Por estes dias, a sociedade civil cabo-verdiana tem-se debatido com o drama da renovação do polémico acordo de pescas, que continua a conceder à União Europeia (UE) a pesca do atum e espécies afins por uns míseros 13 escudos o quilograma de pescado.

De facto, não faltam razões para se questionar a oportunidade de um tratado que, há mais de três décadas, acima de tudo e todos, tem viabilizado as agressivas práticas extrativistas da UE, em mares outrora esventrados por navios negreiros.

O custo de vida cada vez mais insuportável, a precariedade do sector pesqueiro, a ausência de infraestruturas para conservar o pescado, o eterno adiamento de obras e melhorias em praças e mercados de peixe, as dificuldades imensas que as famílias enfrentam para conseguirem sobreviver à passagem dos dias…
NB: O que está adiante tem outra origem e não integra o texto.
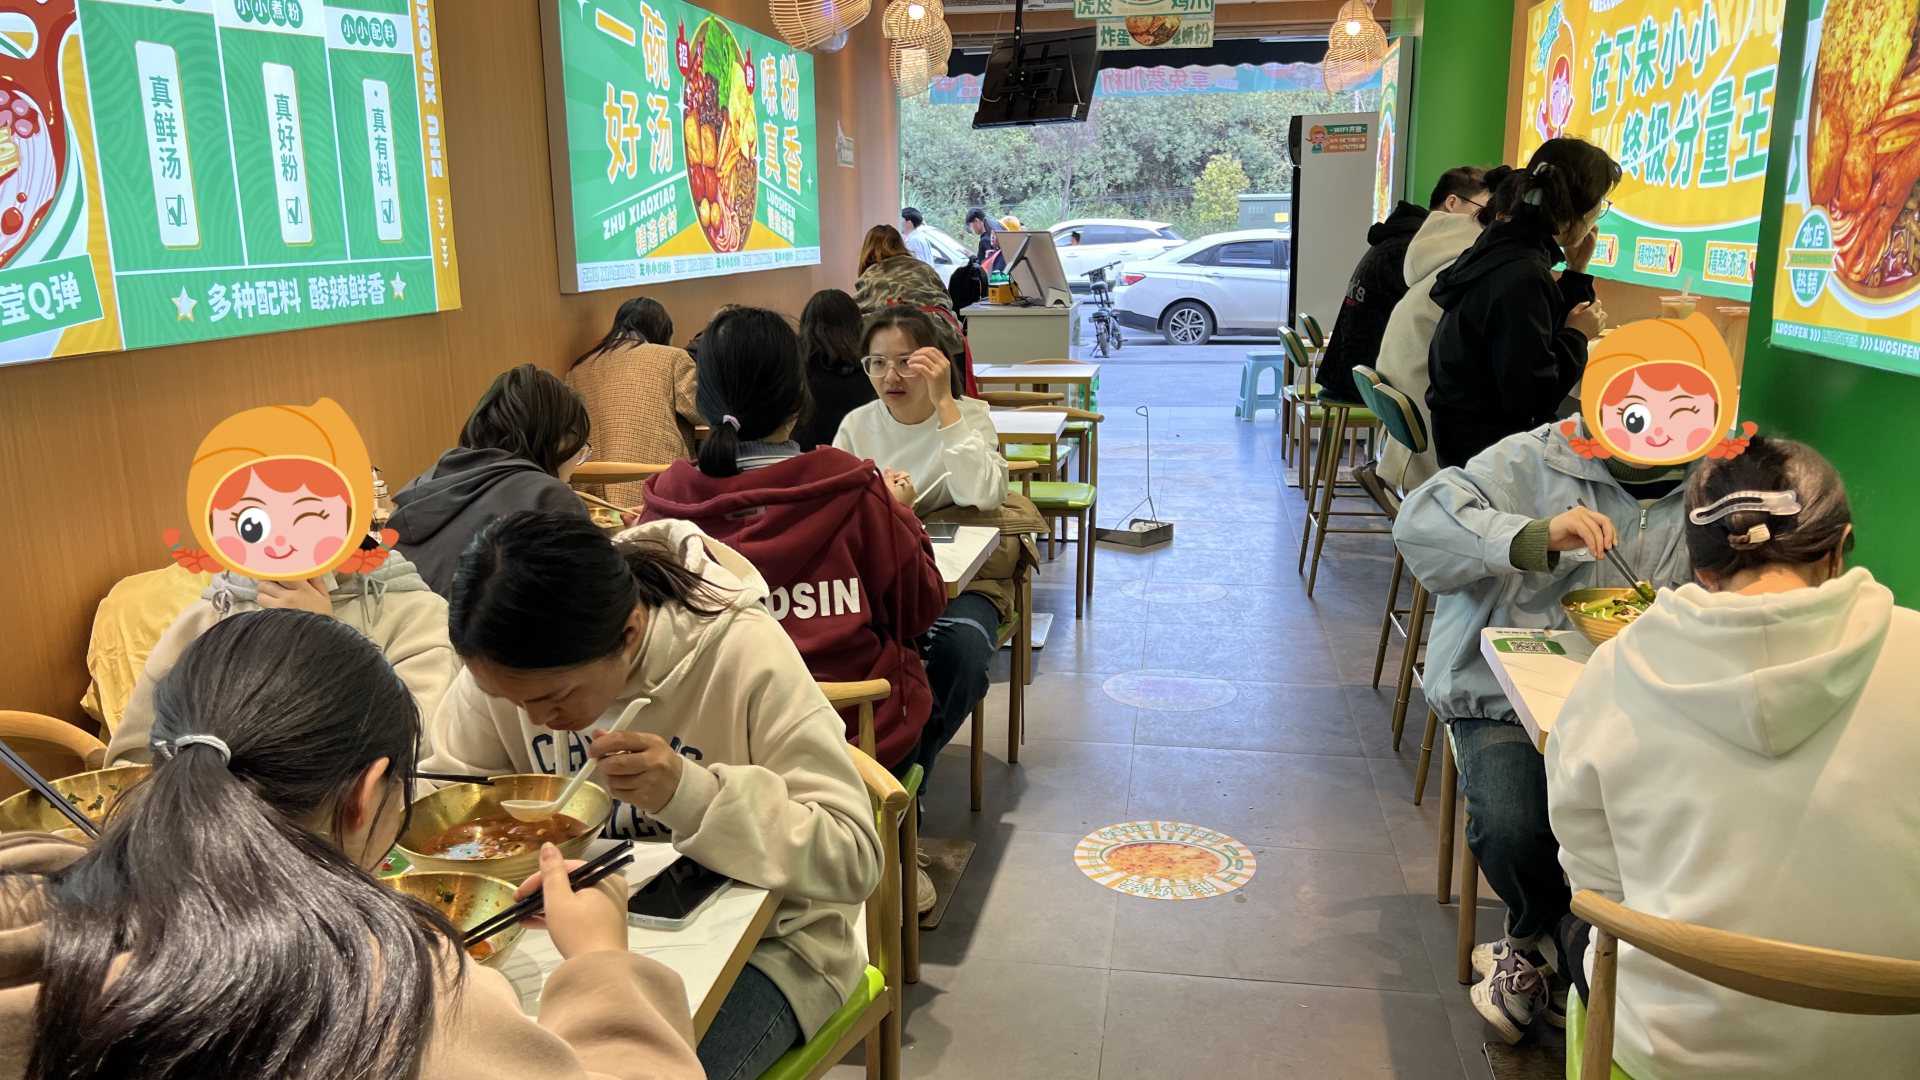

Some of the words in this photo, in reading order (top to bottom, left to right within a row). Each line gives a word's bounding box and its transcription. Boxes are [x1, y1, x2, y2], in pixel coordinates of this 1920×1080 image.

[236, 0, 301, 22] 小小煮粉
[342, 17, 396, 43] 小小配料
[1101, 25, 1131, 47] 炸蛋
[596, 4, 671, 91] 一碗
[678, 42, 689, 69] 招
[1591, 1, 1719, 114] 在下朱小小
[760, 52, 800, 122] 嗦粉
[148, 75, 182, 180] 真鲜汤
[274, 94, 299, 183] 真好粉
[371, 108, 392, 188] 真有料
[426, 114, 444, 178] ZHU
[603, 83, 673, 184] 好汤
[1621, 64, 1778, 189] 终极分量王
[763, 121, 803, 195] 真香
[602, 211, 626, 240] ZHU
[628, 184, 676, 226] XIAOXIAO
[766, 187, 796, 221] LUOSIFEN
[1801, 222, 1826, 247] 本店
[207, 280, 301, 322] 多种配料
[308, 273, 386, 311] 酸辣鲜香
[1796, 271, 1820, 295] 热销
[1775, 321, 1809, 339] LUOSIFEN
[1873, 337, 1920, 361] LUOSIFEN
E o rendimento médio que desce de dia para dia, e o salário estagnado da função pública, e a instabilidade do setor privado, e as remunerações suspensas dos professores deslocados, e as viagens entre ilhas que continuam a provocar náuseas e compromissos quebrados, e… o êxodo da população que foge das ilhas, para encontrar sustento noutro chão!
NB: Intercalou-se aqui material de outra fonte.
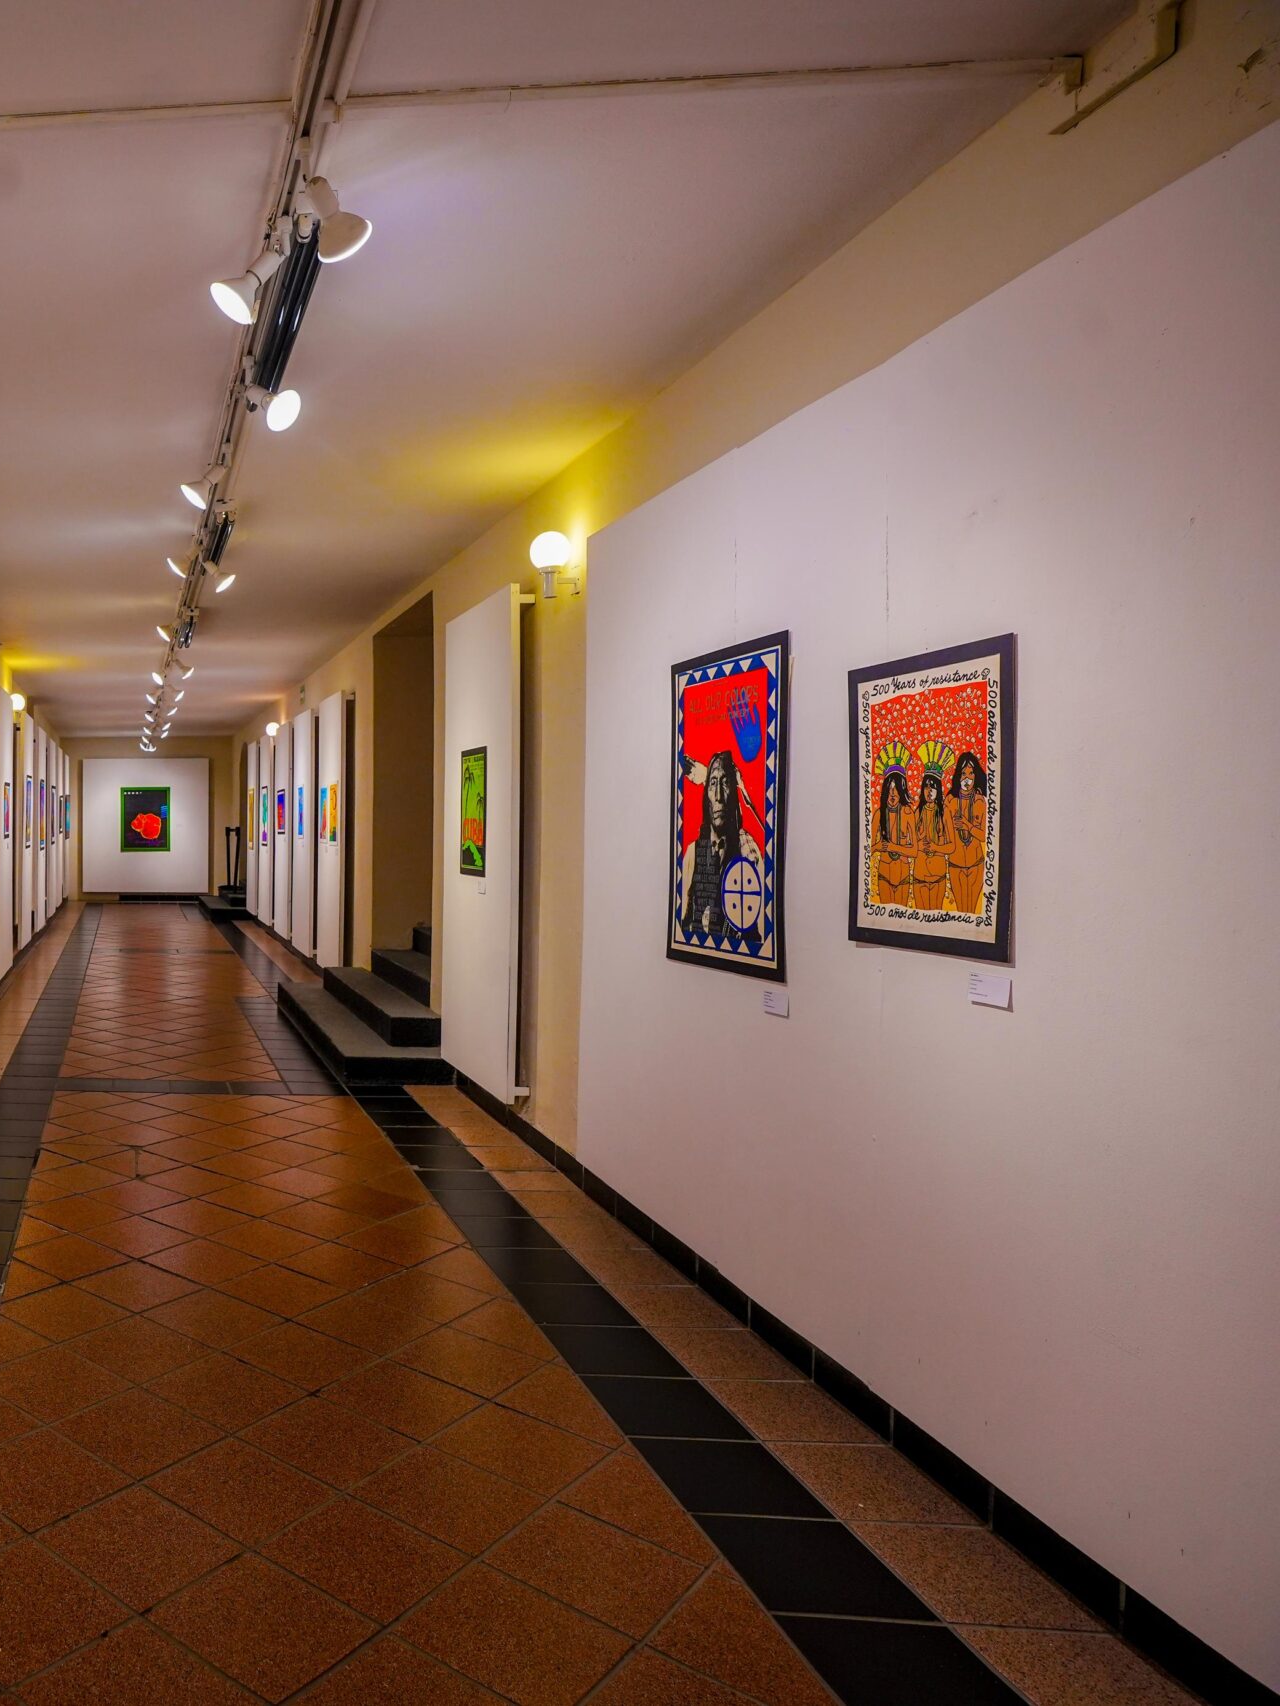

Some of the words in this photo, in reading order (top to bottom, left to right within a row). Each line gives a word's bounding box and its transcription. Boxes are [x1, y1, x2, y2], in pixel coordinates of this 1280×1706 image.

Sim, de facto, face à carestia que se agiganta, não faltam argumentos para se questionar a extensão de um acordo extrativista que, desde 1990, de forma clara e objetiva, tem contribuído para validar a pilhagem e a rapina do mar territorial de Cabo Verde (CV), subtraindo rendimento e esperança de vida à generalidade da sua população.

Lamentavelmente, as pessoas que vivem exclusivamente da sua força de trabalho, parecem condenadas a viver entre o limiar da pobreza e uma minguante subsistência, em virtude dos sucessivos golpes financeiros e dos constantes atentados capitalistas, de que têm sido alvo. E, quando esta estranha forma de vida calha de ocorrer sobre o insular chão de um território (outrora) colonizado, a pena é ainda mais difícil de suportar!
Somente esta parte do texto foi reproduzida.